Structural Dissimilarity Sampling (SDS) is proposed as an efficient conformational search method to promote structural transitions essential for the biological functions of proteins. In SDS, initial structures are selected based on structural dissimilarity, and conformational resampling is repeated. Conformational resampling is performed as follows: (I) arrangement of initial structures for a diverse distribution at the edge of a conformational subspace and (II) promotion of the structural transitions with multiple short-time molecular dynamics (MD) simulations restarting from the diversely distributed initial structures. Cycles of (I) and (II) are repeated to intensively promote structural transitions because conformational resampling from the initial structures would quickly expand conformational distributions toward unvisited conformational subspaces. As a demonstration, SDS was first applied to maltodextrin binding protein (MBP) in explicit water to reproduce structural transitions between the open and closed states of MBP. Structural transitions of MBP were successfully reproduced with SDS in nanosecond-order simulation times. Starting from both the open and closed forms, SDS successfully reproduced the structural transitions within 25 cycles (a total of 250 ns of simulation time). For reference, a conventional long-time (500 ns) MD simulation under NPT (300 K and 1 bar) starting from the open form failed to reproduce the structural transition. In addition to the open-closed motions of MBP, SDS was applied to folding processes of the fast-folding proteins (chignolin, Trp-cage, and villin) and successfully sampled their native states. To confirm how the selections of initial structures affected conformational sampling efficiency, numbers of base sets for characterizing structural dissimilarity of initial structures were addressed in distinct trials of SDS. The parameter searches showed that the conformational sampling efficiency was relatively insensitive with respect to the numbers of base sets, indicating the robustness of SDS for actual applications.

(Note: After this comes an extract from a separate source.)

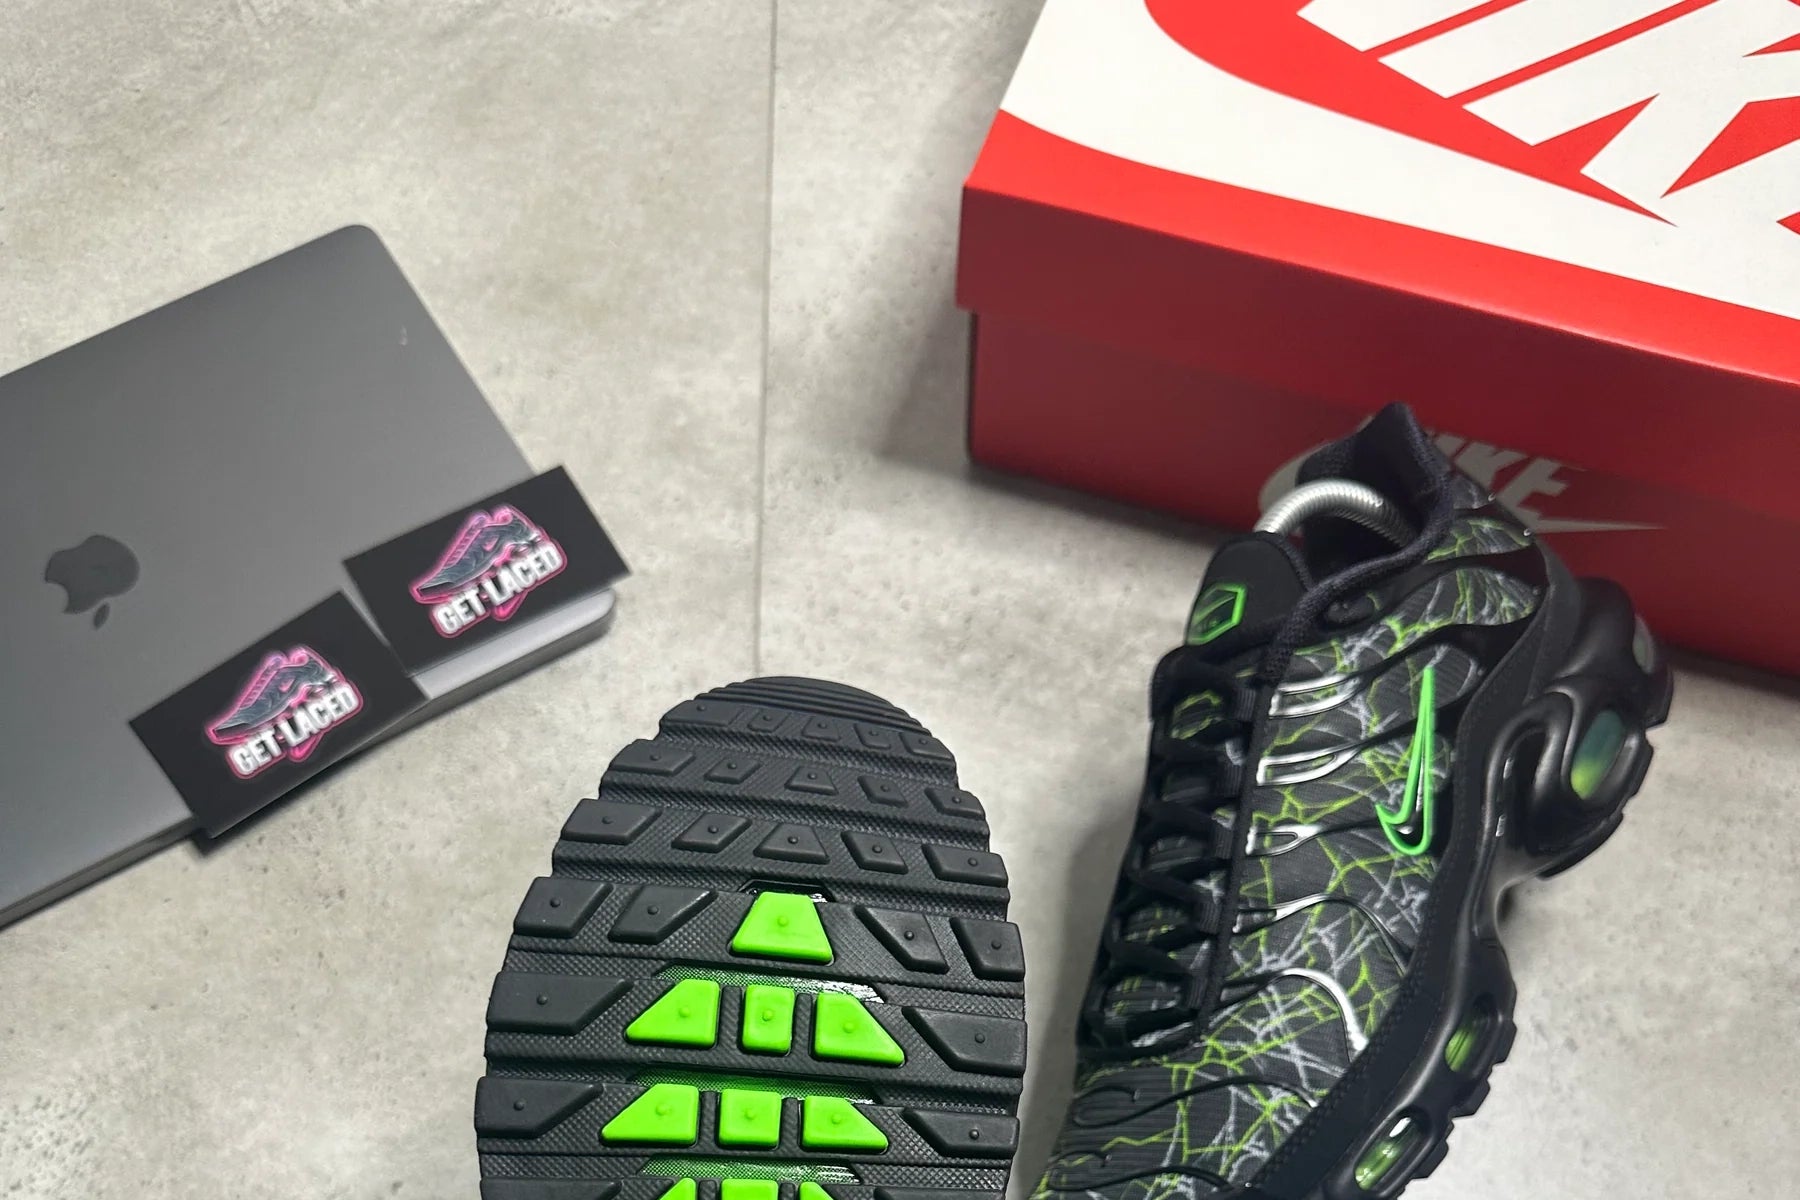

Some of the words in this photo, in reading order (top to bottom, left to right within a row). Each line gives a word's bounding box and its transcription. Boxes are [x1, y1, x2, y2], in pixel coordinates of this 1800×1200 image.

结构非相似性抽样 (SDS) 被提出作为一种有效的构象搜索方法,以促进蛋白质生物功能所必需的结构转变。在 SDS 中,根据结构非相似性选择初始结构,并重复构象重采样。构象重采样如下进行:(I) 初始结构的排列,以在构象子空间的边缘实现多样化分布,以及 (II) 通过从多样化分布的初始结构重新启动的多个短时间分子动力学 (MD) 模拟来促进结构转变。(I) 和 (II) 的循环重复进行,以密集地促进结构转变,因为从初始结构进行构象重采样会迅速将构象分布扩展到未访问的构象子空间。作为演示,SDS 首先应用于麦芽糖结合蛋白 (MBP) 在显式水中,以重现 MBP 的开放和关闭状态之间的结构转变。在纳秒级模拟时间内,SDS 成功地重现了 MBP 的结构转变。从开放和关闭形式开始,SDS 成功地在 25 个循环内 (总共 250 ns 的模拟时间) 重现了结构转变。作为参考,从开放形式开始的常规长时间 (500 ns) MD 模拟在 NPT (300 K 和 1 bar) 下未能重现结构转变。除了 MBP 的开-闭运动之外,SDS 还应用于快速折叠蛋白 (chignolin、Trp-cage 和 villin) 的折叠过程,并成功地采样了它们的天然状态。为了确认初始结构的选择如何影响构象采样效率,在 SDS 的不同试验中解决了用于描述初始结构结构非相似性的基集数量的问题。参数搜索表明,构象采样效率对基集数量相对不敏感,表明 SDS 对于实际应用具有稳健性。